A Surge in COVID-19 Cases in Meat Packing Facilities
According to a recent report released by the Centers for Disease Control and Prevention (“CDC”), 115 meat and poultry processing facilities were reported with confirmed COVID-19 cases in 19 states. Among the nearly 130,000 total employees at these facilities, almost 5,000 confirmed cases were reported. Notably, more than 640 cases have been linked to the Smithfield pork factory in Sioux Falls, South Dakota. Despite these facilities being an emergent hotspot for the viruses’ spread, in late April 2020, President Trump declared meat processing plants “critical infrastructure”, to discourage the facilities from closing and potentially causing a nationwide meat shortage. Although the President’s declaration is an executive order, there are still federal health and workplace safety guidelines and standards that must be abided by, even more so during these difficult times.
Meat and Poultry Processing Plant Regulators
Within the United States Department of Labor is the Occupational Safety and Health Administration (“OSHA”), which was created to monitor safe and healthy working conditions by setting and enforcing standards in the workplace. OSHA covers most private sector employers and their workers, including meat and poultry processing workers. For those workplaces that fall within OSHA’s purview, these businesses are subject to certain OSHA regulations, and must meet proscribed standards in order to be OSHA compliant. The standards are established by the OSH Act and include, among others, that employers provide workers with PPE and provide a workplace free from serious hazards. These standards applied long before COVID-19 came to the United States and are now more important than ever.
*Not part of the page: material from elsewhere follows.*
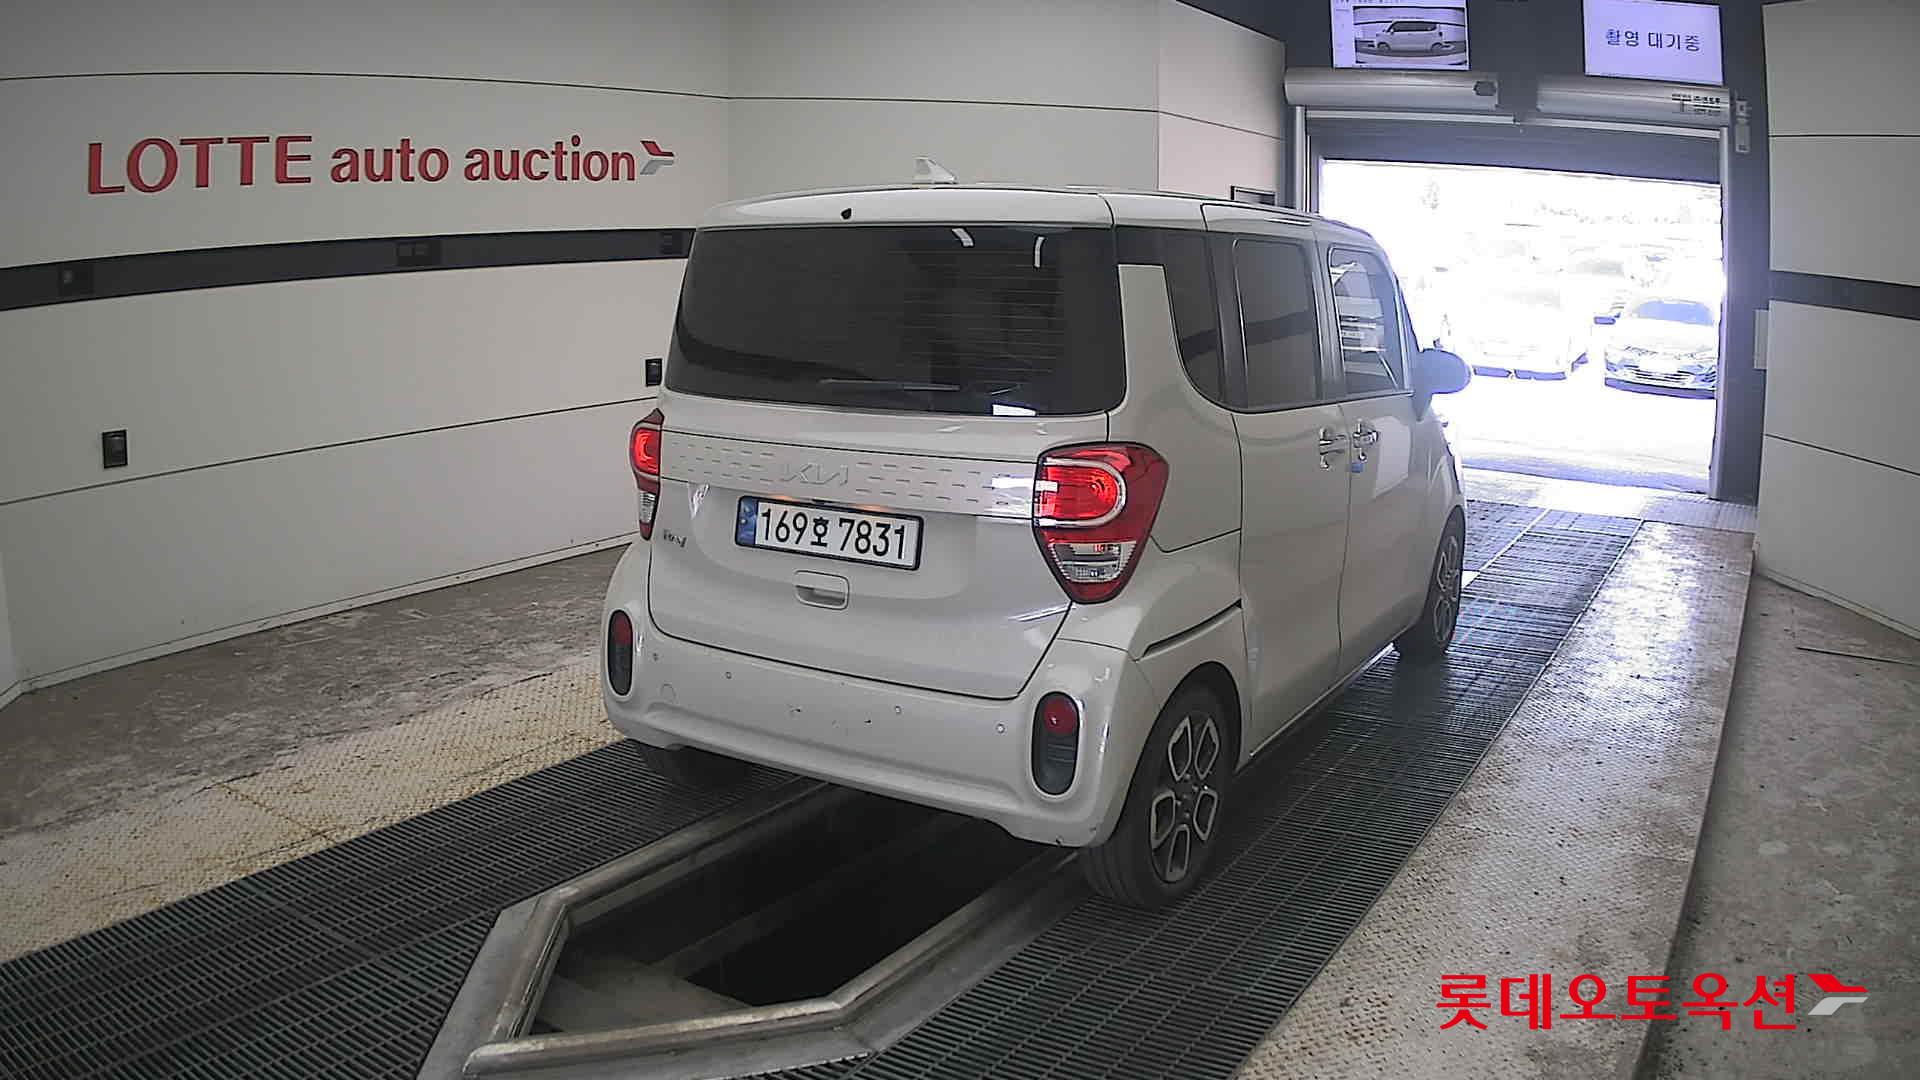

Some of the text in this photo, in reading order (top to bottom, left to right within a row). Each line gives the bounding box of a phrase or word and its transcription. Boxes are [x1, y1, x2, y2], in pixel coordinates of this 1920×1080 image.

The Unique Risk for Meat and Poultry Workers
Meat and poultry processing workers are at heightened risk for the spread of the virus as many facilities face crowded and unsanitary working conditions. Labor advocates claim the long-standing working conditions that have existed in some facilities for decades contribute to the problem. These difficult conditions include close working spaces and inadequate access to proper protective equipment. To add to these already difficult conditions, there is the added pressure for meat and poultry packing facilities to remain open during this difficult time due to the potential impact closures could have on the entire meat supply chain. Additionally, following the CDC recommendations to remain six feet apart could be particularly difficult for workplaces such as this as these facilities because they benefit from fast, close-proximity assembly lines. Thus, meat processing facilities face a difficult challenge. If the plants abide by CDC and OSHA recommendations, the processing plants will be forced to cut meat-production, which may ultimately lead to a nationwide meat and food shortage. On the other side is the risk of employee and community safety, which is also of the utmost importance.
New Action by OSHA
On April 26, 2020, the CDC and OSHA released Interim Safety Guidelines in response to the recent outbreak. The guidelines came after some union groups called on OSHA to step in with emergency measures to protect meat and poultry plant workers. Numerous complaints were also filed with OSHA and the Department of Labor citing a failure to take proper precautions to protect workers. When these calls were finally heard in early May 2020, OSHA had at this point only recommended certain voluntary safety measures for meatpacking plant employers. Yet, at the same time, the President was calling on meatpacking employees to continue working for the greater good of the food supply chain and the country.
Changes in the Regulatory Environment
Now, OSHA is faced with a whole new set of responsibilities. Not only does OSHA have to continue safeguarding compliance with workplace safety measures in all other essential places of work in which these laws apply, but OSHA also has to find ways to regulate and enforce the recently released guidelines. Particularly, as the economy slowly reopens, OSHA will likely be flooded by new and emerging workplace issues. In an effort to enforce OSHA laws, OSHA surveyors rely on the ability to vigorously and proactively inspect places of work. In the wake of a pandemic, however, it may be unsafe to do so as “vigorously” as was done before COVID-19. In addition, there are new regulations and guidelines for which OSHA will likely have to devote a great deal of resources now and in the years to come. This sector of the U.S. Department of Labor will be one to closely monitor in the next few months as there will likely be a transformation of the current regulatory scheme, which is already heavily controlled.